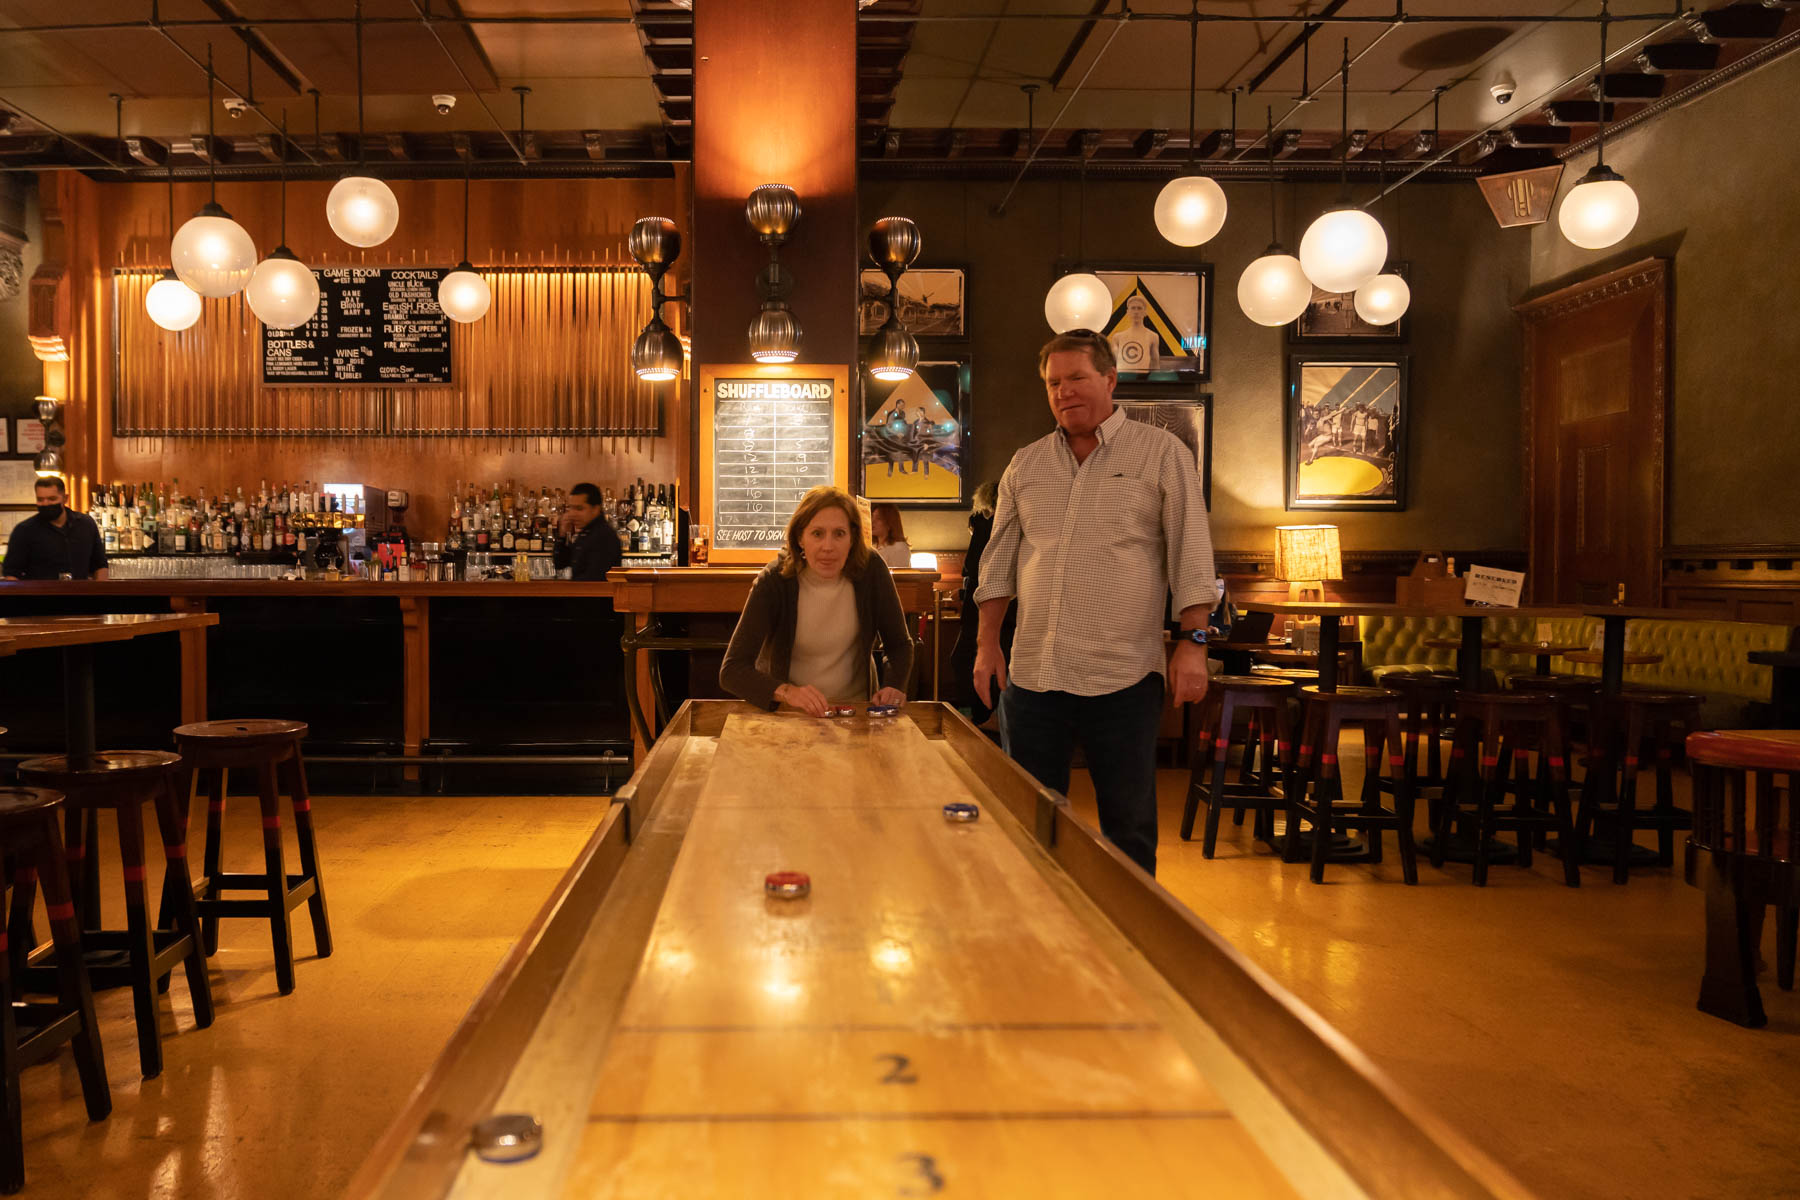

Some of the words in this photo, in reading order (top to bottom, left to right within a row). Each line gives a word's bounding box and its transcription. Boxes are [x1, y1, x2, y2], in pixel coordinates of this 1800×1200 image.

[323, 269, 350, 277] GAME
[353, 268, 380, 277] ROOM
[391, 271, 438, 280] COCKTAILS
[383, 325, 406, 334] RUBY
[267, 340, 307, 349] BOTTLES
[307, 340, 315, 349] &
[266, 348, 292, 357] CANS
[335, 349, 360, 358] WINE
[335, 364, 355, 372] WHITE
[717, 383, 832, 399] SHUFFLEBOARD
[745, 466, 759, 474] 12
[796, 465, 808, 473] 10
[717, 530, 733, 541] SEE
[732, 530, 754, 542] HOST
[754, 530, 766, 541] TO
[766, 530, 786, 541] SIGN
[873, 1052, 919, 1085] 2
[896, 1151, 945, 1198] 3
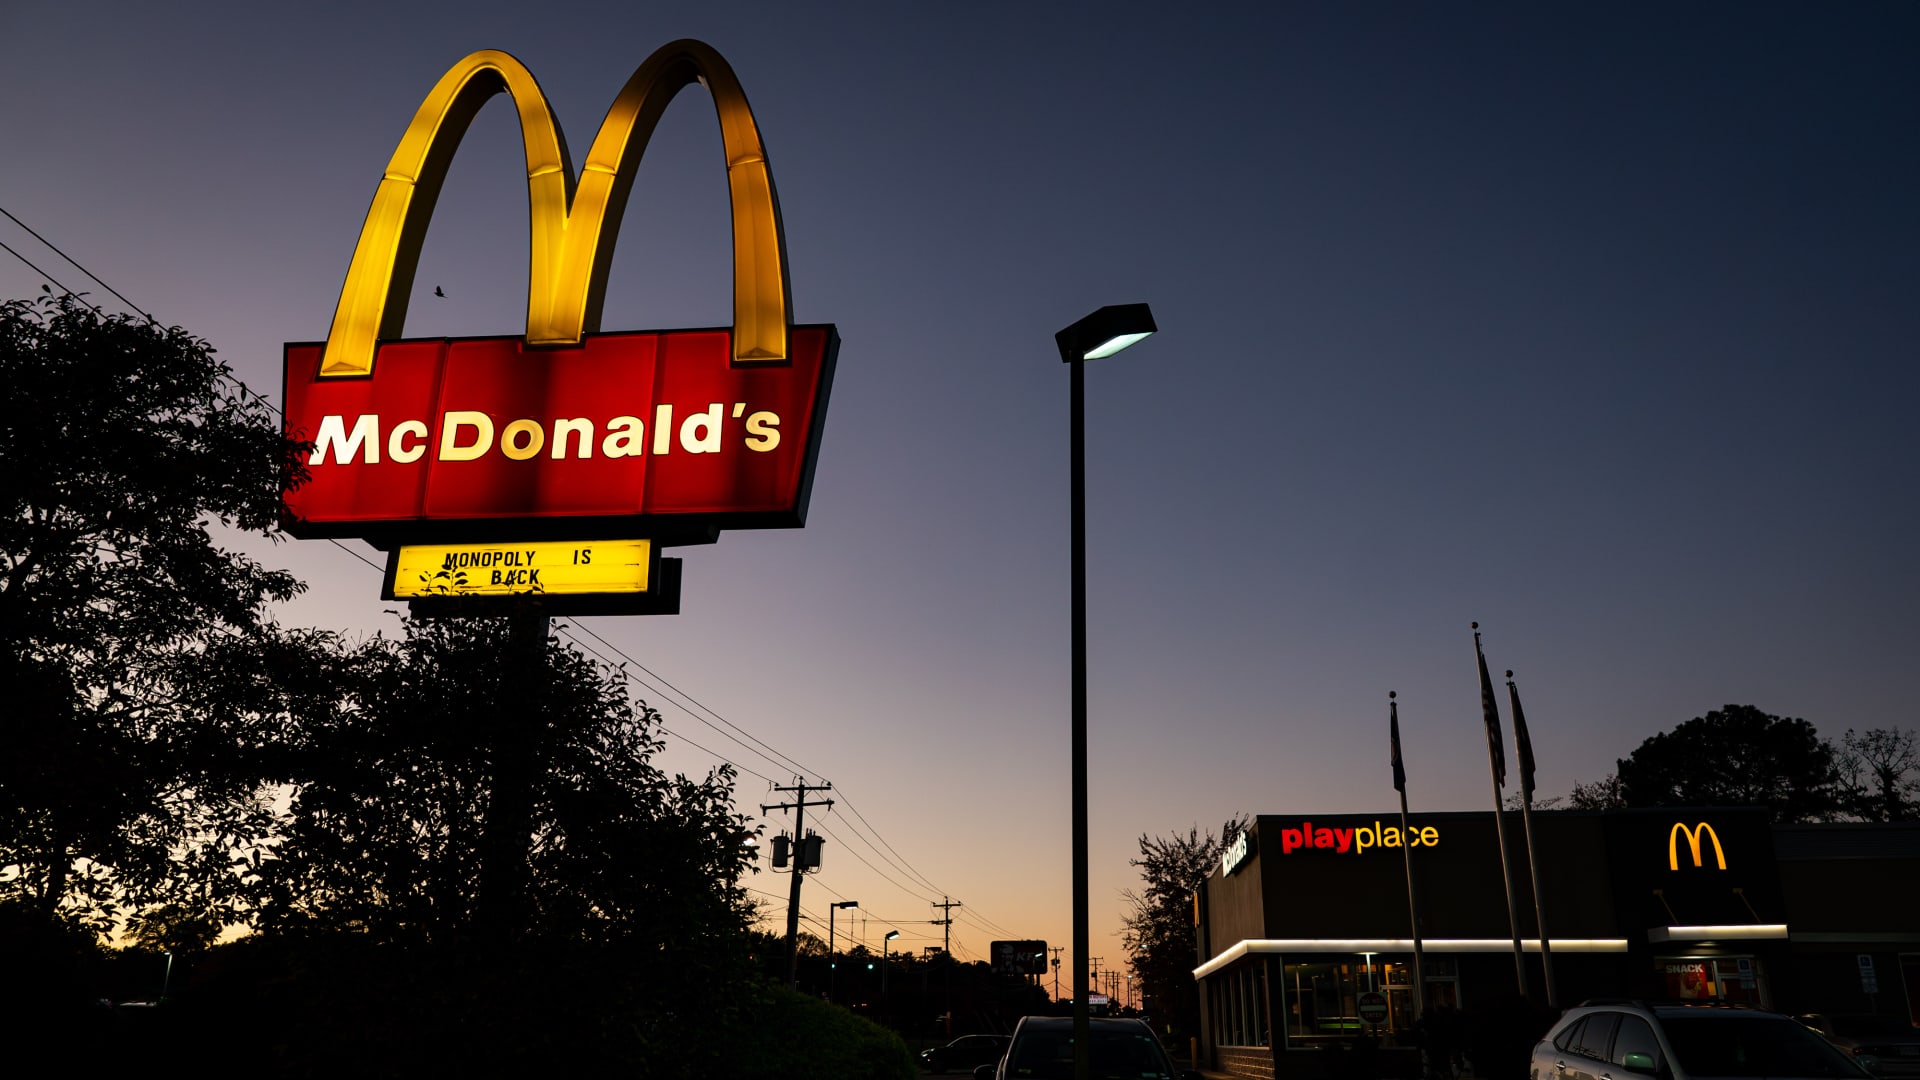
****************************************
» YOUR GOAL: Your answer must be an exact copy of the records, with no pictures in it.

» EXPECTED ANSWER:
Some of the words in this photo, in reading order (top to bottom, left to right within a row). Each line gives a word's bounding box and its transcription. Boxes are [x1, y1, x2, y2], in pixel coordinates of this 1800×1200 image.

[323, 269, 350, 277] GAME
[353, 268, 380, 277] ROOM
[391, 271, 438, 280] COCKTAILS
[383, 325, 406, 334] RUBY
[267, 340, 307, 349] BOTTLES
[307, 340, 315, 349] &
[266, 348, 292, 357] CANS
[335, 349, 360, 358] WINE
[335, 364, 355, 372] WHITE
[717, 383, 832, 399] SHUFFLEBOARD
[745, 466, 759, 474] 12
[796, 465, 808, 473] 10
[717, 530, 733, 541] SEE
[732, 530, 754, 542] HOST
[754, 530, 766, 541] TO
[766, 530, 786, 541] SIGN
[873, 1052, 919, 1085] 2
[896, 1151, 945, 1198] 3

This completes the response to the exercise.